▶ **PROBLEM REQUIREMENTS**:
What you return must be exactly the lines running from the one with "Some of the words" to the end of the data below, inclusive, and nothing more.

::: GIVEN DATA

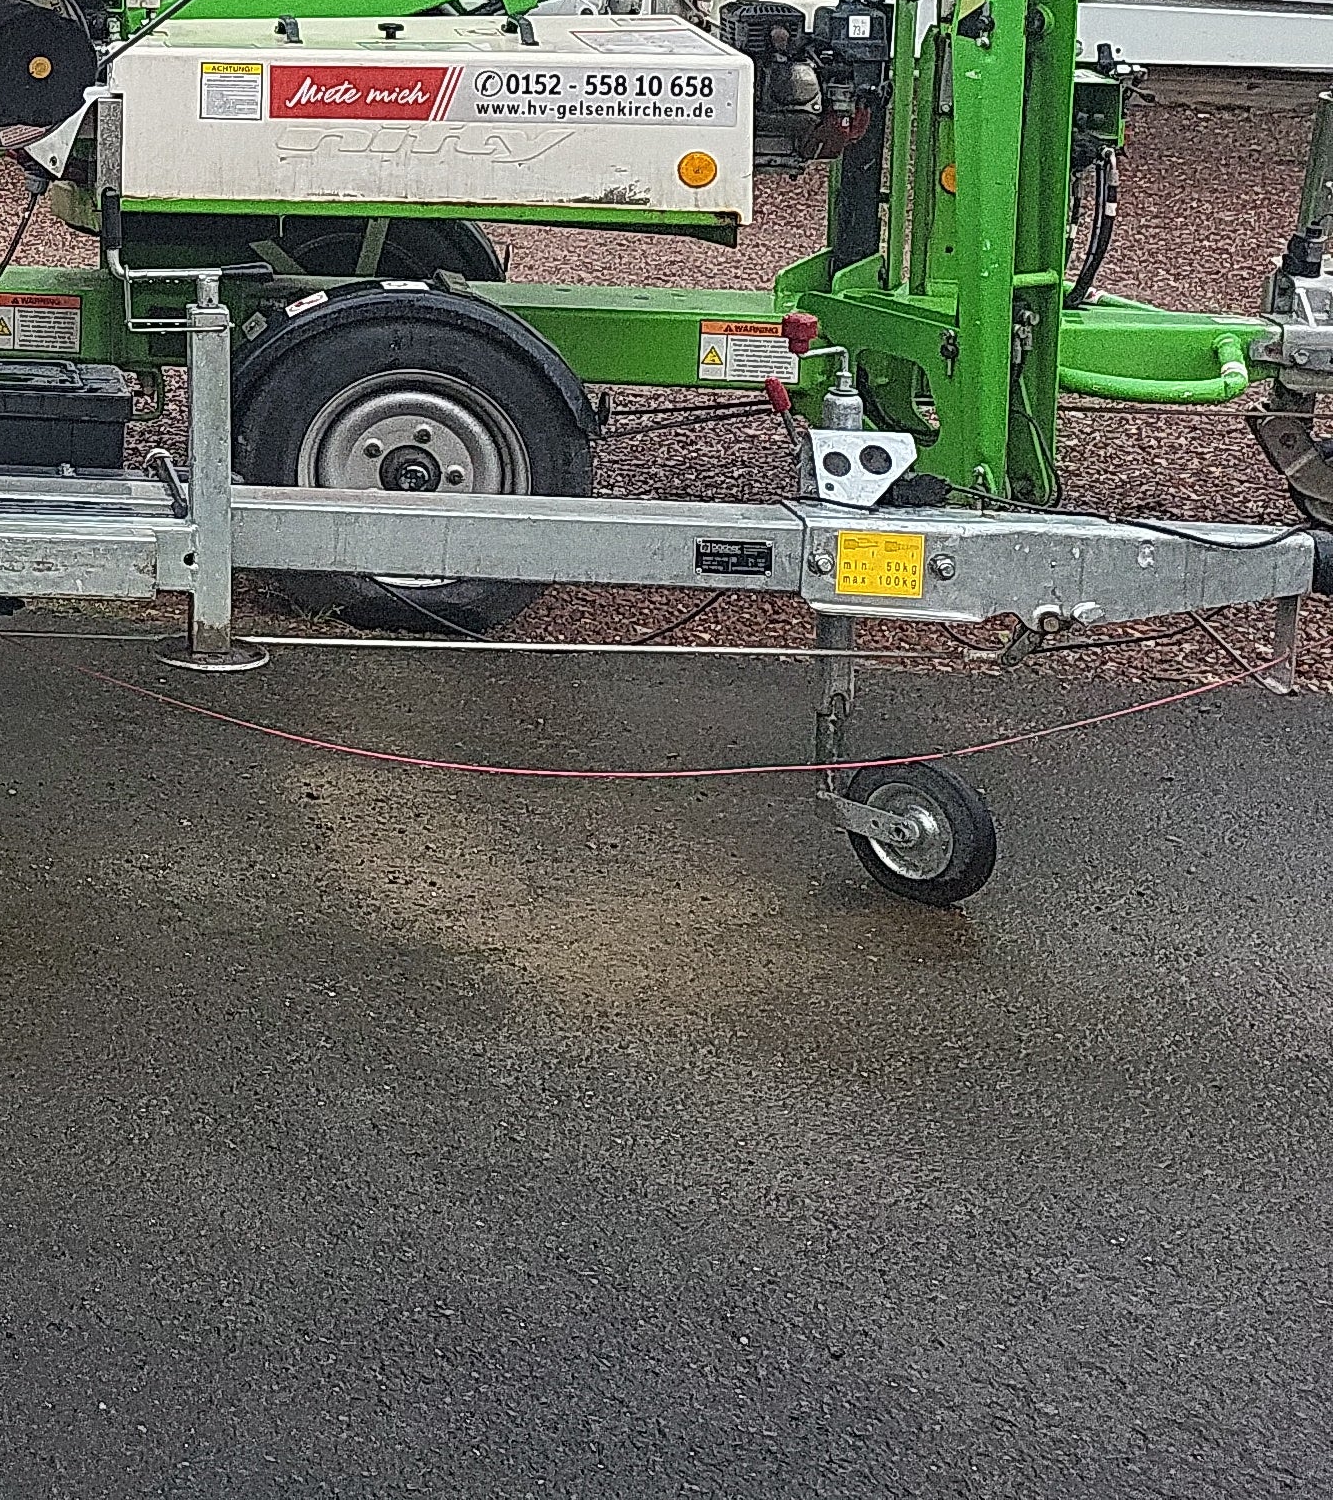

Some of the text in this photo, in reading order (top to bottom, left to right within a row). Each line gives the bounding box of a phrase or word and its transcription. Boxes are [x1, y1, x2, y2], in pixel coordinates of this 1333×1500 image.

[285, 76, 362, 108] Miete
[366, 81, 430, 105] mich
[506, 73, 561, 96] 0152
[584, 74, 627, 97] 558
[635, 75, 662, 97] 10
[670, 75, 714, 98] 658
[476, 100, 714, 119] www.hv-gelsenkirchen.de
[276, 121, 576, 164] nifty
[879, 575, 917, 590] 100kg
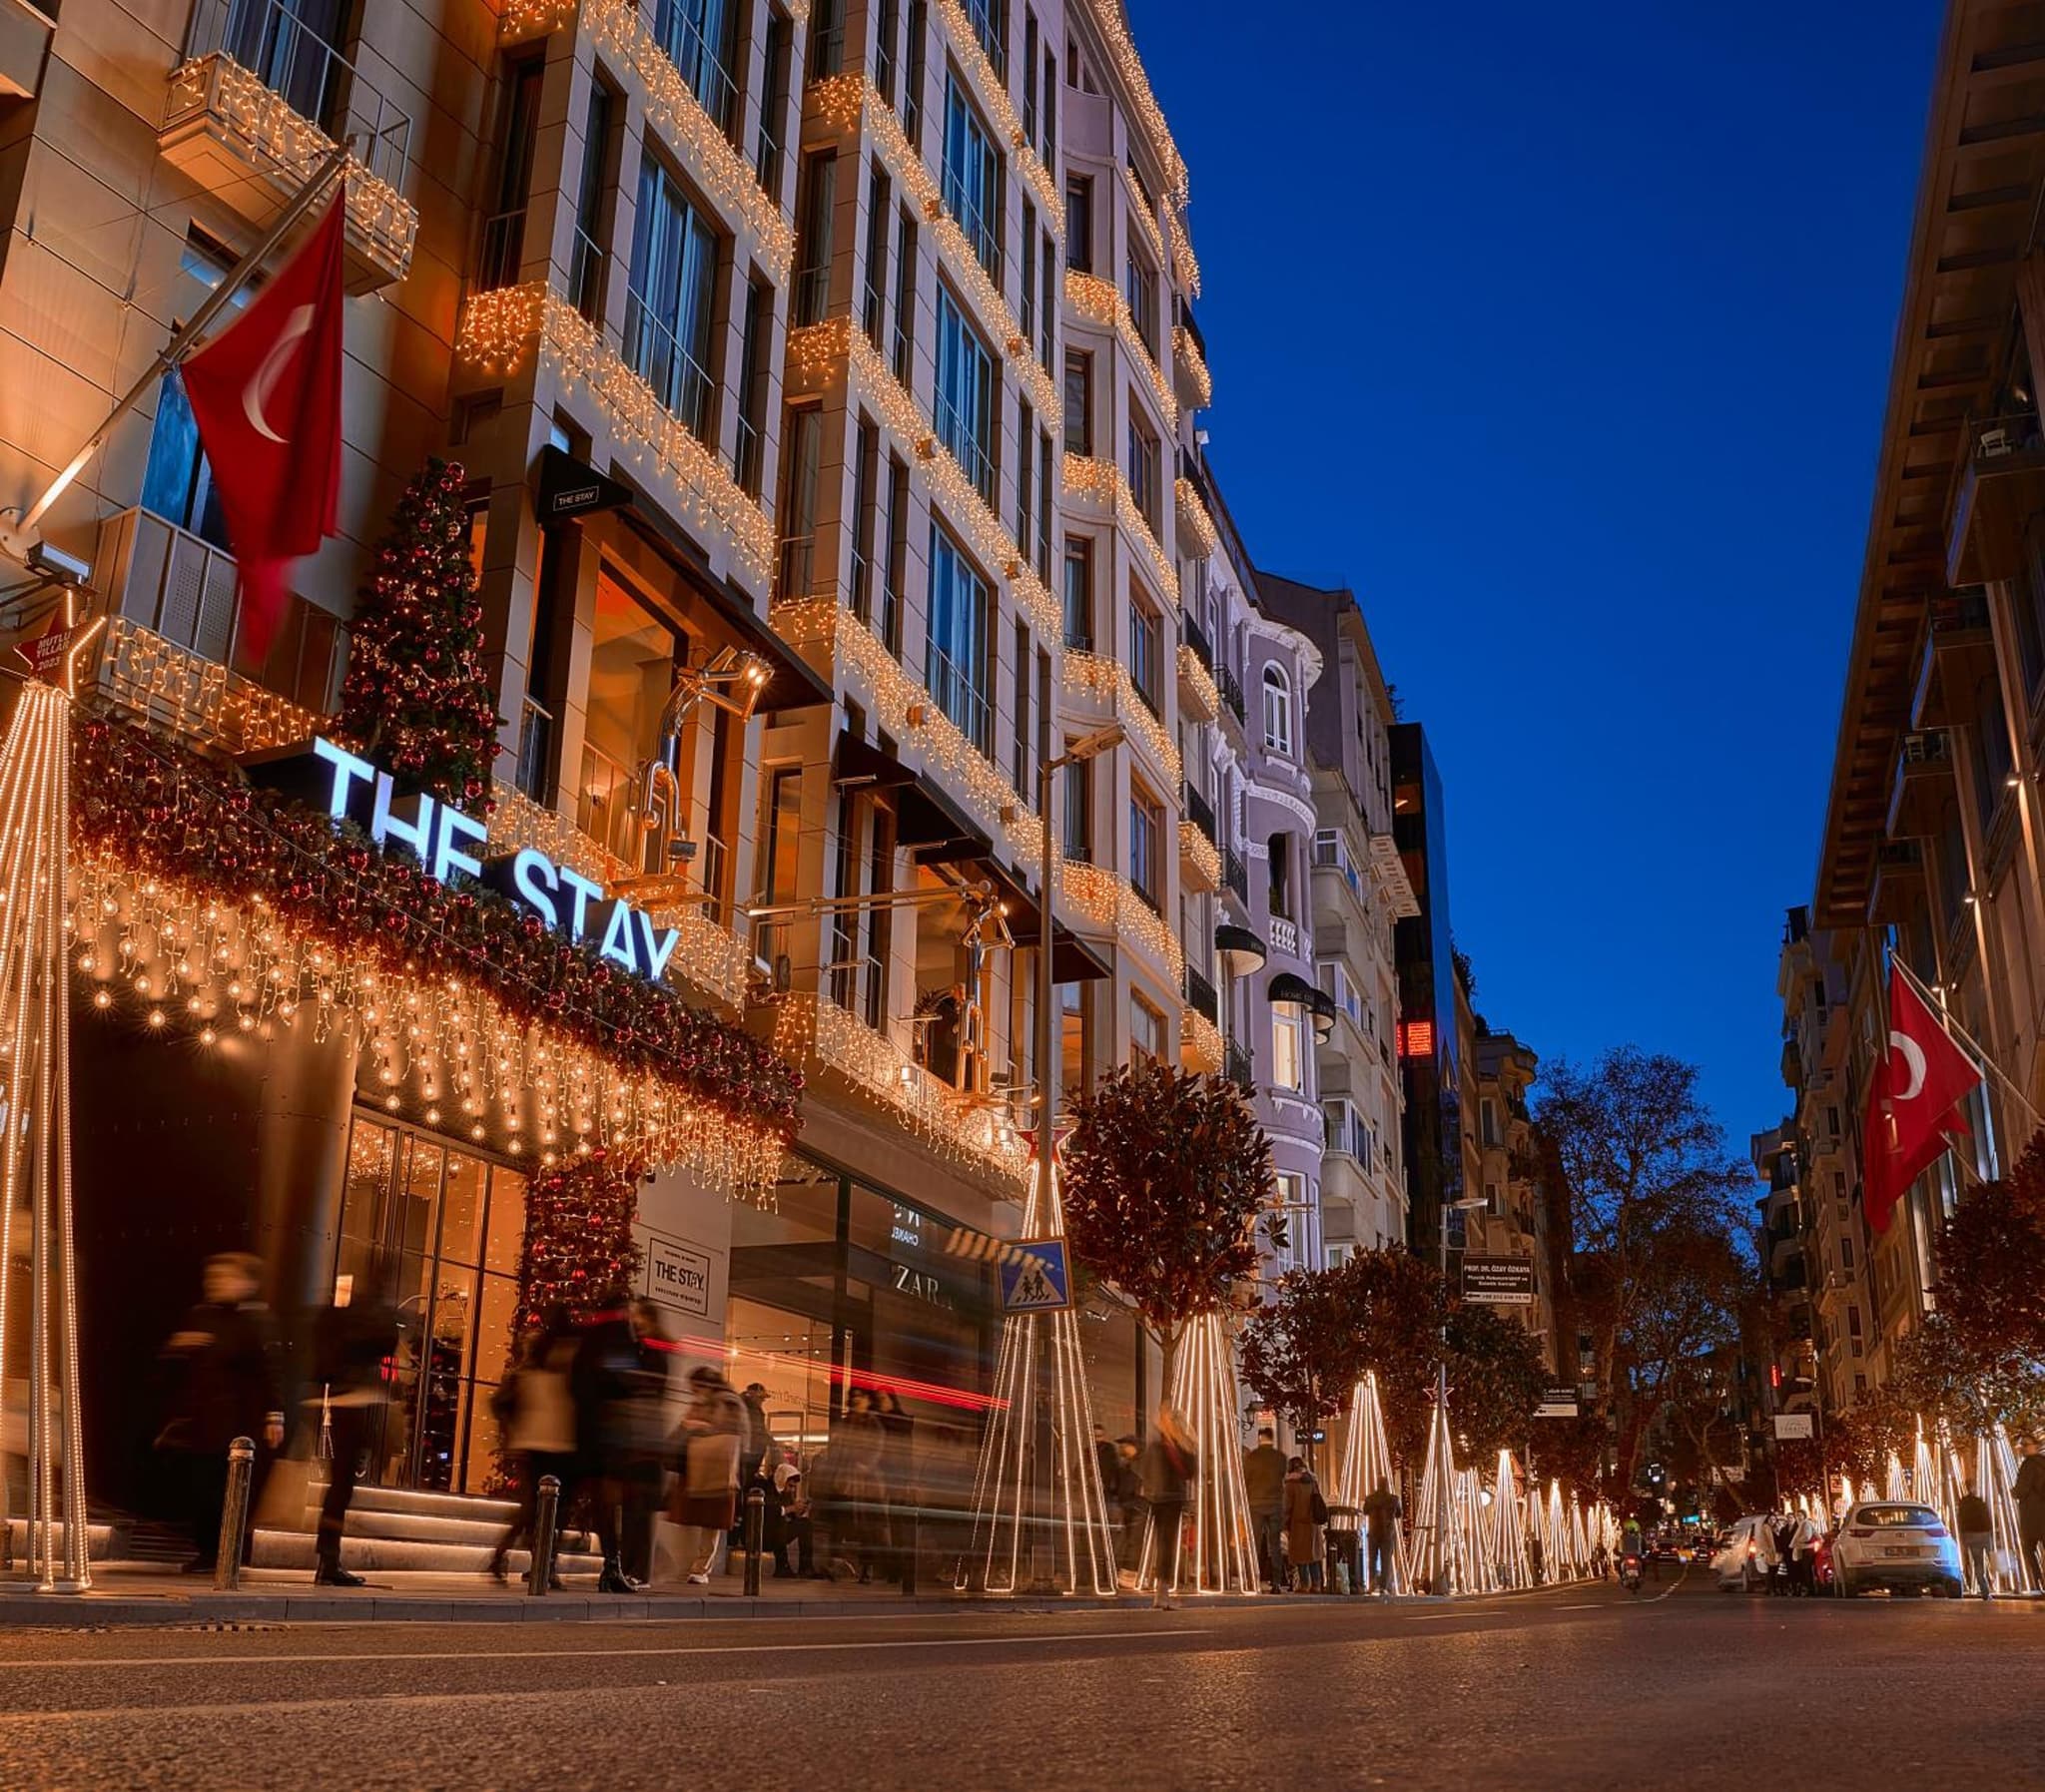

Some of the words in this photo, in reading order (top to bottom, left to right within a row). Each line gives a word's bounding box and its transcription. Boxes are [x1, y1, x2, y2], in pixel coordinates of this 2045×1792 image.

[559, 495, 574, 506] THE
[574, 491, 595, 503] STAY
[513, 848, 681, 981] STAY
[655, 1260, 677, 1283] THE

::::::

▶ **EXPECTED ANSWER**:
Some of the words in this photo, in reading order (top to bottom, left to right within a row). Each line gives a word's bounding box and its transcription. Boxes are [x1, y1, x2, y2], in pixel coordinates of this 2045×1792 image.

[559, 495, 574, 506] THE
[574, 491, 595, 503] STAY
[513, 848, 681, 981] STAY
[655, 1260, 677, 1283] THE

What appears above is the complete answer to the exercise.